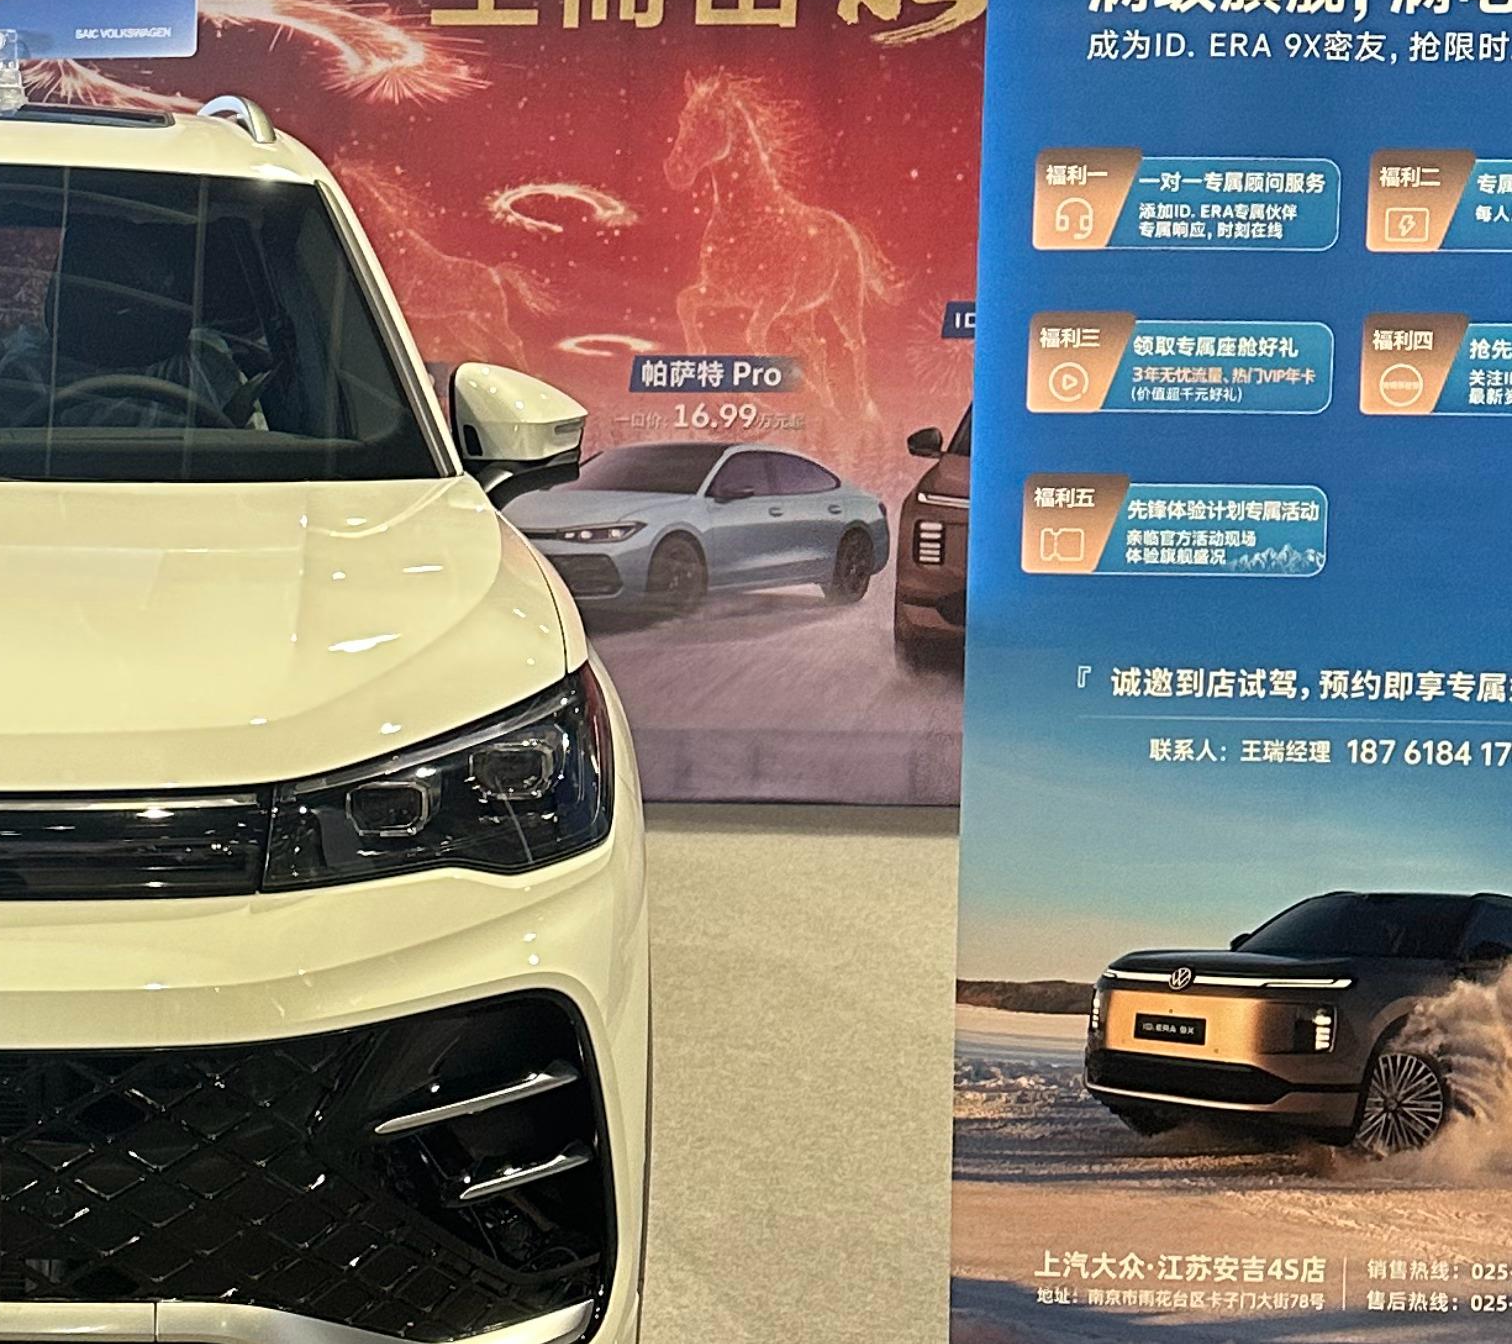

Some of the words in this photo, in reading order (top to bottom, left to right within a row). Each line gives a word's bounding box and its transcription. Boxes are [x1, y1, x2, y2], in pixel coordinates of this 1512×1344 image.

[1210, 32, 1271, 57] ERA
[1284, 29, 1512, 64] 9X密友，抢限时
[1046, 164, 1108, 186] 福利一
[1138, 171, 1326, 194] 一对一专属顾问服务
[1379, 166, 1441, 188] 福利二
[1475, 204, 1512, 223] 每人
[1039, 327, 1101, 349] 福利三
[1132, 335, 1300, 358] 领取专属座舱好礼
[1372, 329, 1434, 351] 福利四
[641, 359, 724, 388] 帕萨特
[733, 361, 782, 387] Pro
[1034, 486, 1096, 508] 福利五
[1127, 499, 1320, 522] 先锋体验计划专属活动
[1126, 529, 1257, 548] 亲临官方活动现场
[1125, 547, 1227, 566] 体验旗舰盛况
[1110, 667, 1512, 703] 诚邀到店试驾，预约即享专属
[1347, 739, 1396, 764] 187
[1404, 739, 1472, 766] 6184
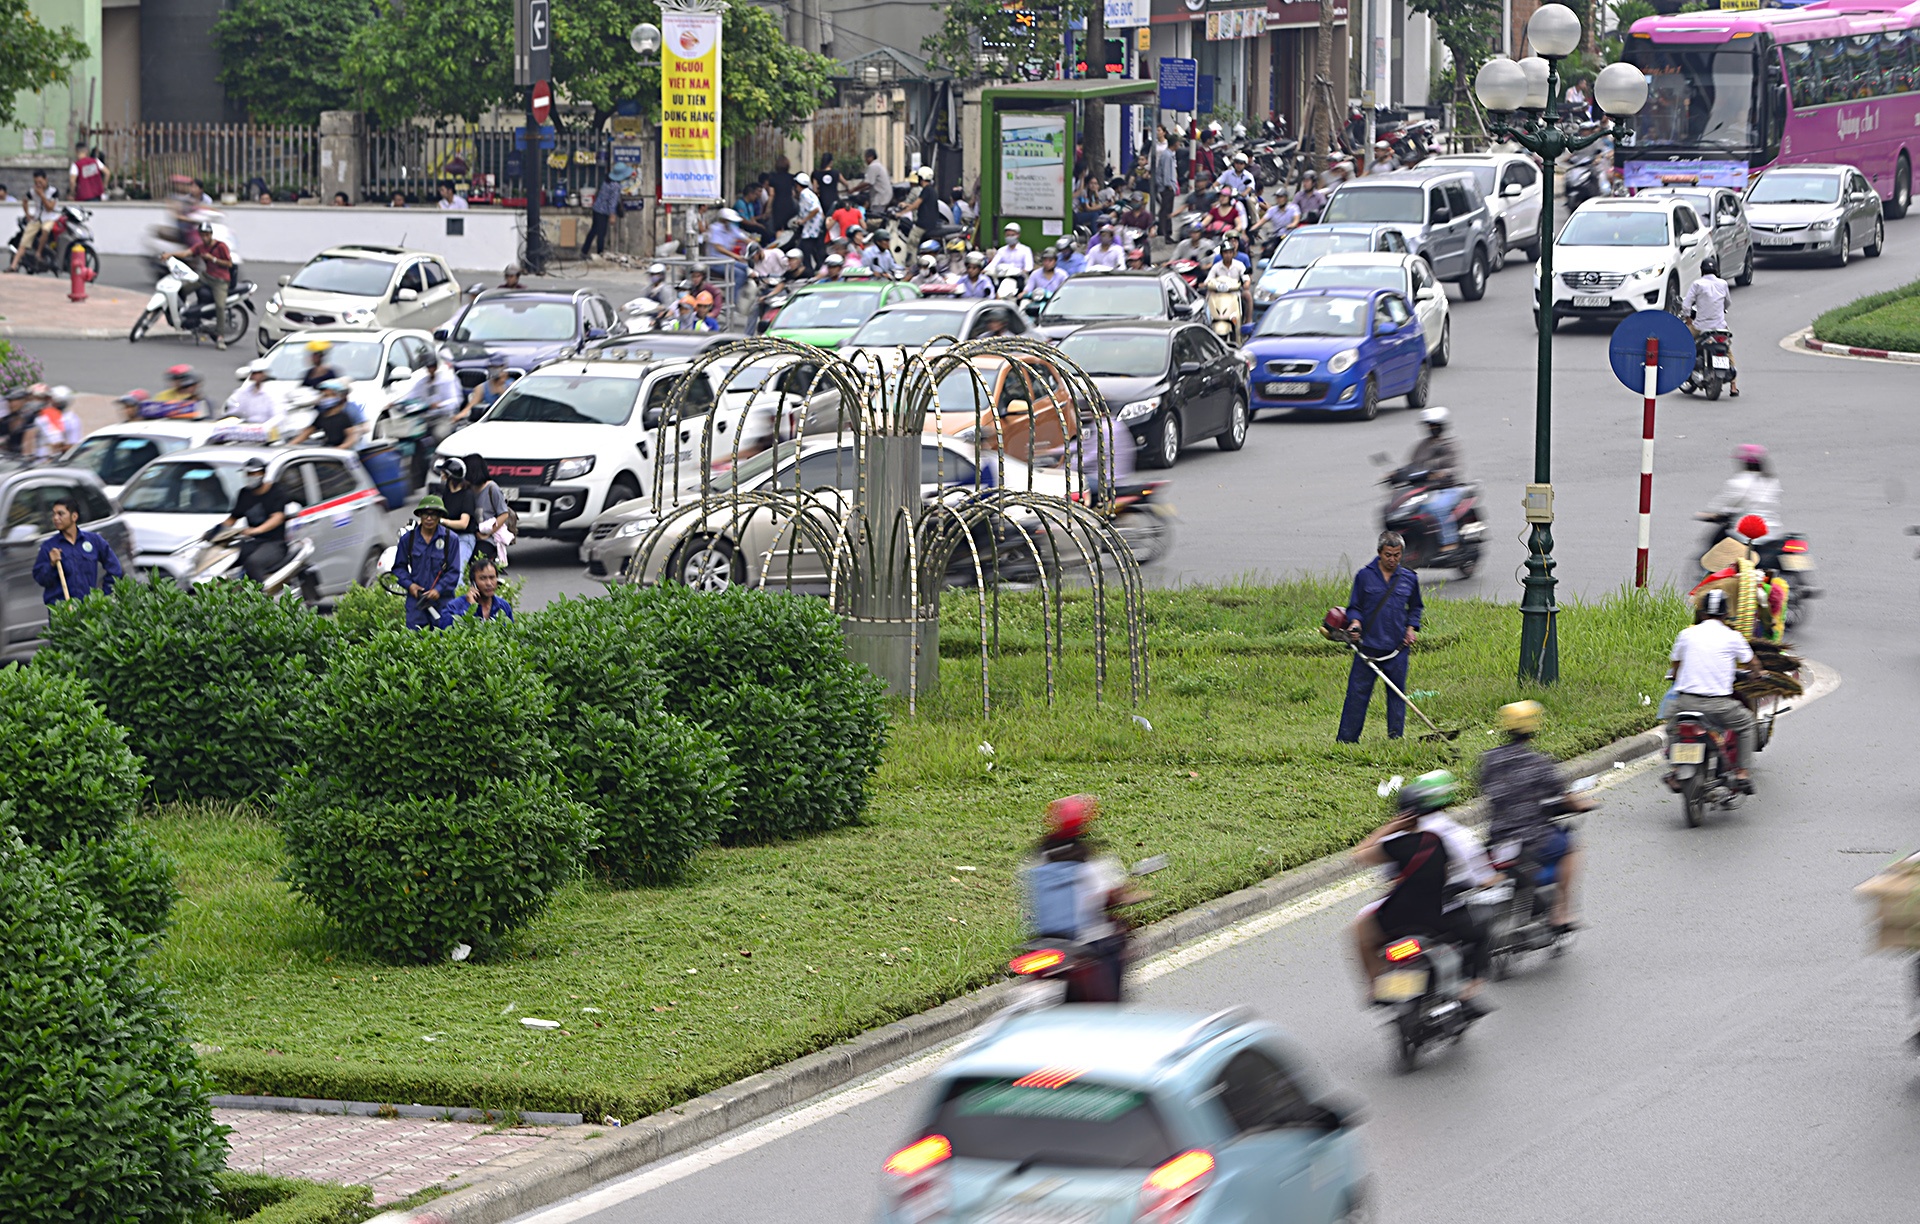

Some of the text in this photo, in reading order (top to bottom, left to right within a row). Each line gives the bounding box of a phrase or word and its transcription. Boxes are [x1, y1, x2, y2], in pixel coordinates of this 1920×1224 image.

[689, 78, 711, 89] NAM
[689, 127, 710, 139] NAM
[664, 171, 715, 182] vinaphone

**********

Once the pictures are set aside, give the rest of the material again unchanged.

Some of the words in this photo, in reading order (top to bottom, left to right within a row). Each line gives a word's bounding box and its transcription. Boxes are [x1, y1, x2, y2], in pixel coordinates of this 1512×1344 image.

[1210, 32, 1271, 57] ERA
[1284, 29, 1512, 64] 9X密友，抢限时
[1046, 164, 1108, 186] 福利一
[1138, 171, 1326, 194] 一对一专属顾问服务
[1379, 166, 1441, 188] 福利二
[1475, 204, 1512, 223] 每人
[1039, 327, 1101, 349] 福利三
[1132, 335, 1300, 358] 领取专属座舱好礼
[1372, 329, 1434, 351] 福利四
[641, 359, 724, 388] 帕萨特
[733, 361, 782, 387] Pro
[1034, 486, 1096, 508] 福利五
[1127, 499, 1320, 522] 先锋体验计划专属活动
[1126, 529, 1257, 548] 亲临官方活动现场
[1125, 547, 1227, 566] 体验旗舰盛况
[1110, 667, 1512, 703] 诚邀到店试驾，预约即享专属
[1347, 739, 1396, 764] 187
[1404, 739, 1472, 766] 6184

Some of the text in this photo, in reading order (top to bottom, left to right within a row). Each line gives the bounding box of a phrase or word and its transcription. Boxes are [x1, y1, x2, y2], in pixel coordinates of this 1920×1224 image.

[689, 78, 711, 89] NAM
[689, 127, 710, 139] NAM
[664, 171, 715, 182] vinaphone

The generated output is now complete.